Data visualisation, interactive data analysis, statistical programming

Garth Tarr


In recent years, the power of R has been unleashed through the Shiny package which enables users to interact with complex analyses without needing to know any R programming. A Shiny application is a web interface to an underlying R instance. It is remarkably easy to develop both simple and complex Shiny apps using R and importantly, it requires no special knowledge of HTML, CSS or JavaScript. This workshop outlines the basics of developing a Shiny app and showcases some more advanced examples. One of the advantages of moving to a web-based approach is that it enables richer interactivity in data visualisation. There is a large, and ever increasing, pool of R packages that allow researchers to go beyond static plots.

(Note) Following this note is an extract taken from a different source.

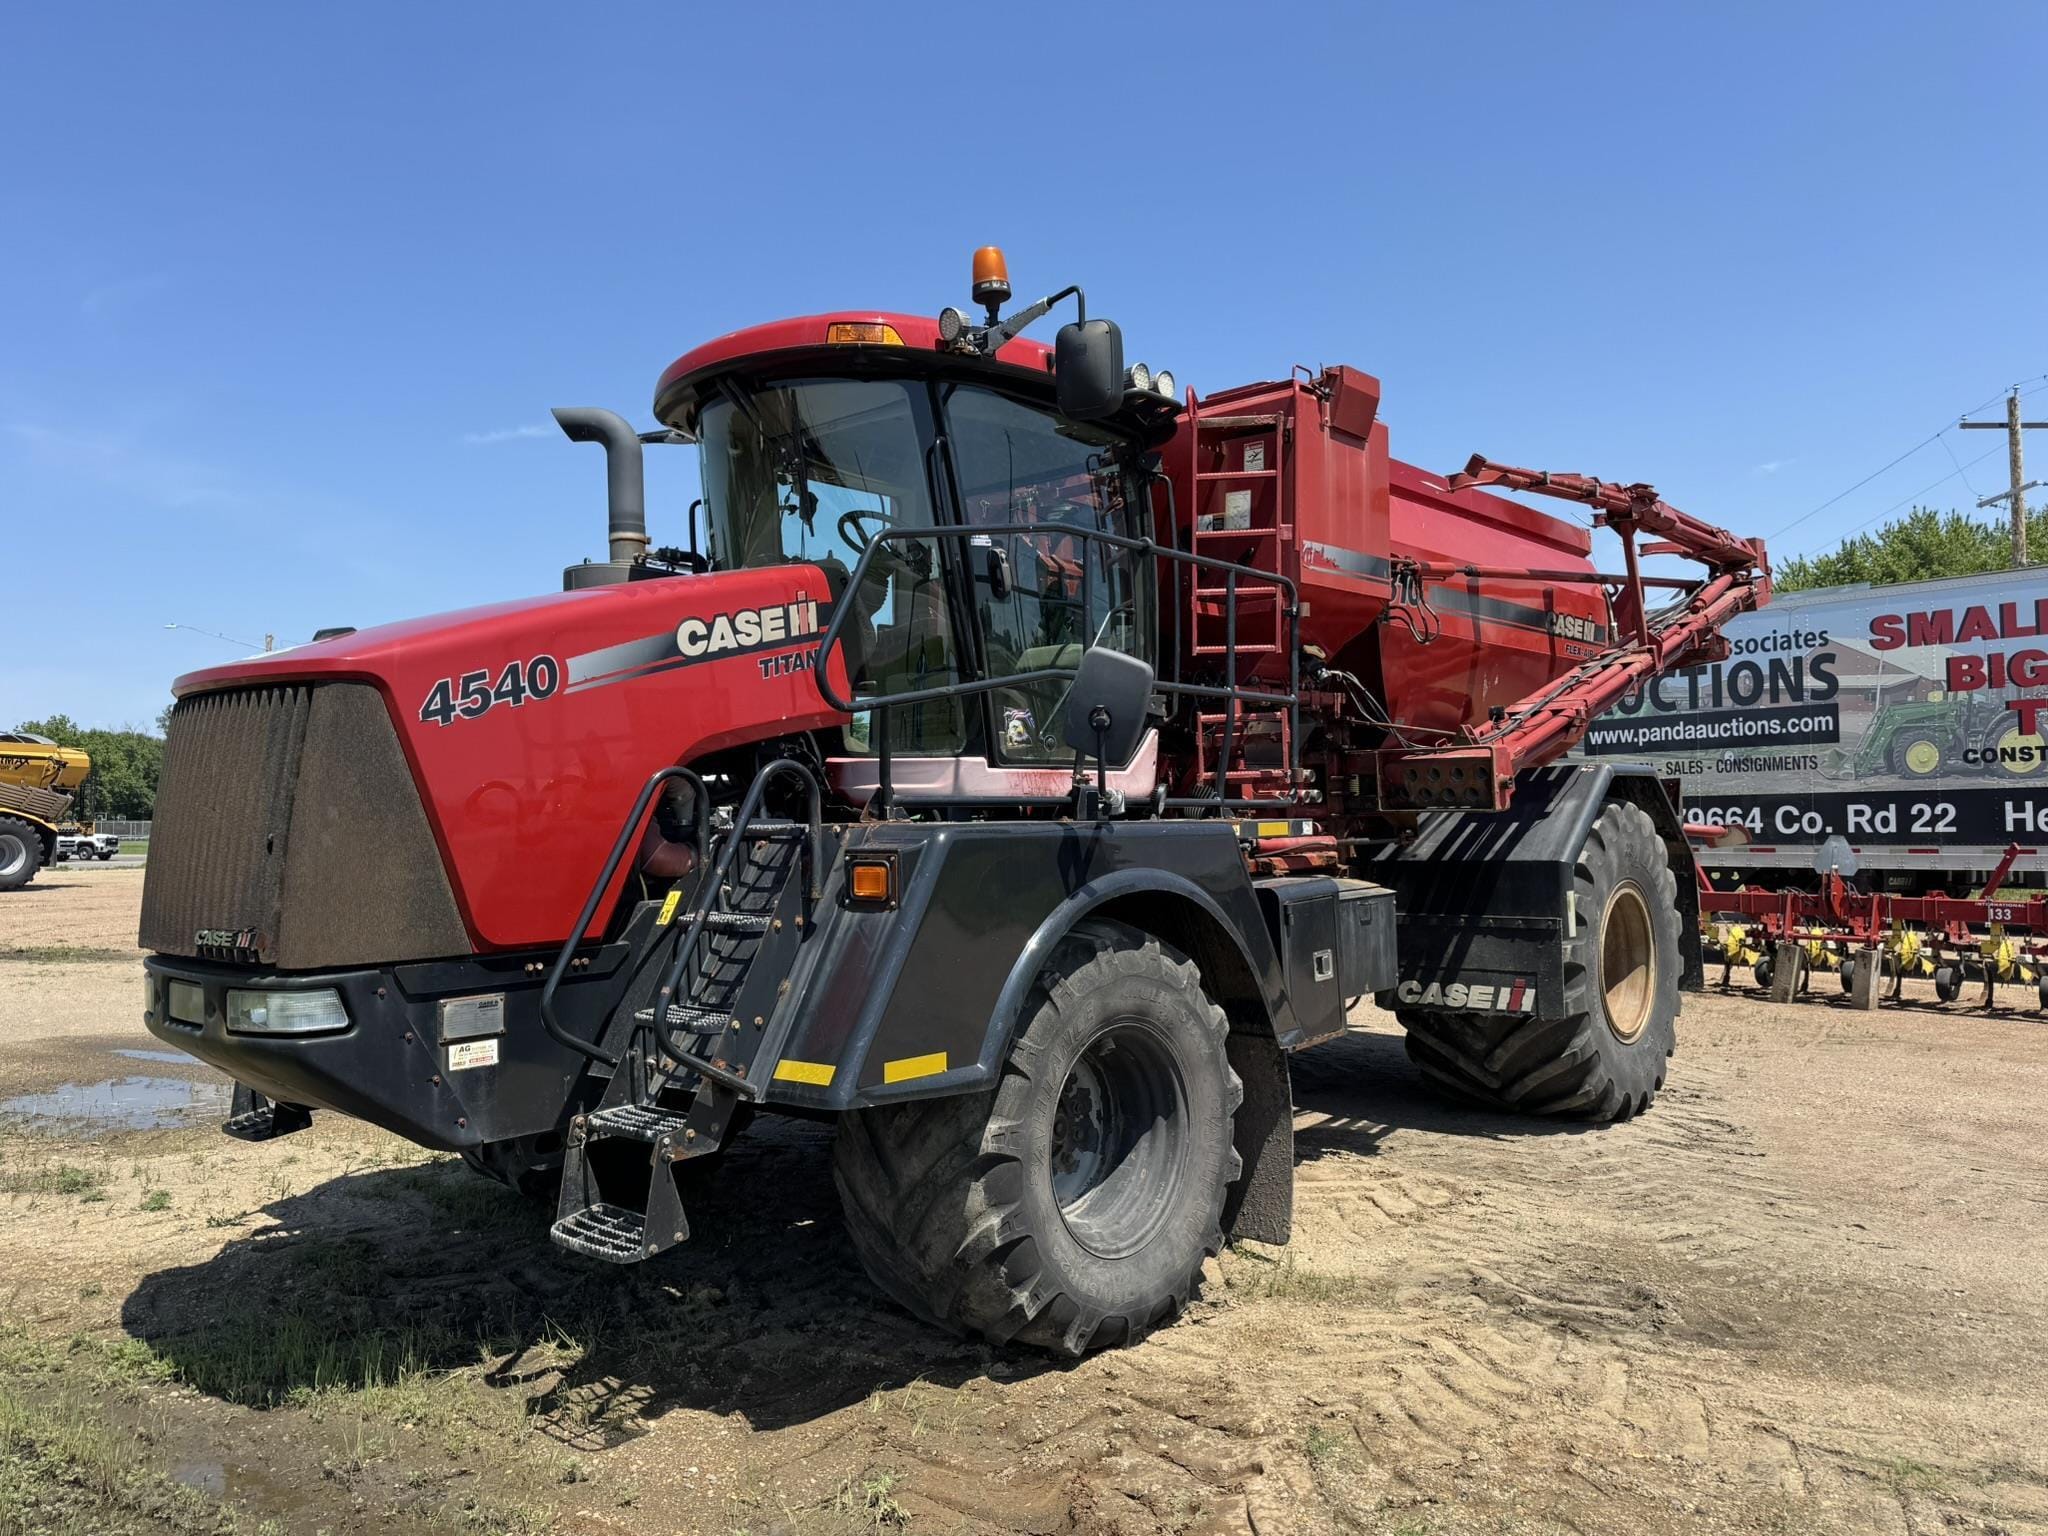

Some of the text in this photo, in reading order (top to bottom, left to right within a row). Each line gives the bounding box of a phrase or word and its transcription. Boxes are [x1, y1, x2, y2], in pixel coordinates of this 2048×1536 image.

As part of this workshop we will introduce the htmlwidgets framework that joins the raw statistical power of R with beautiful visualisations powered by JavaScript. The networkD3 and edgebundleR packages will be highlighted as examples that enable interactive visualisations of networks. It can be a full time job keeping up with all the new features R has to offer statisticians and bioinformaticians – the aim of this workshop is to familiarise you with some of the latest and greatest tools available for data visualisation and interactive data analysis.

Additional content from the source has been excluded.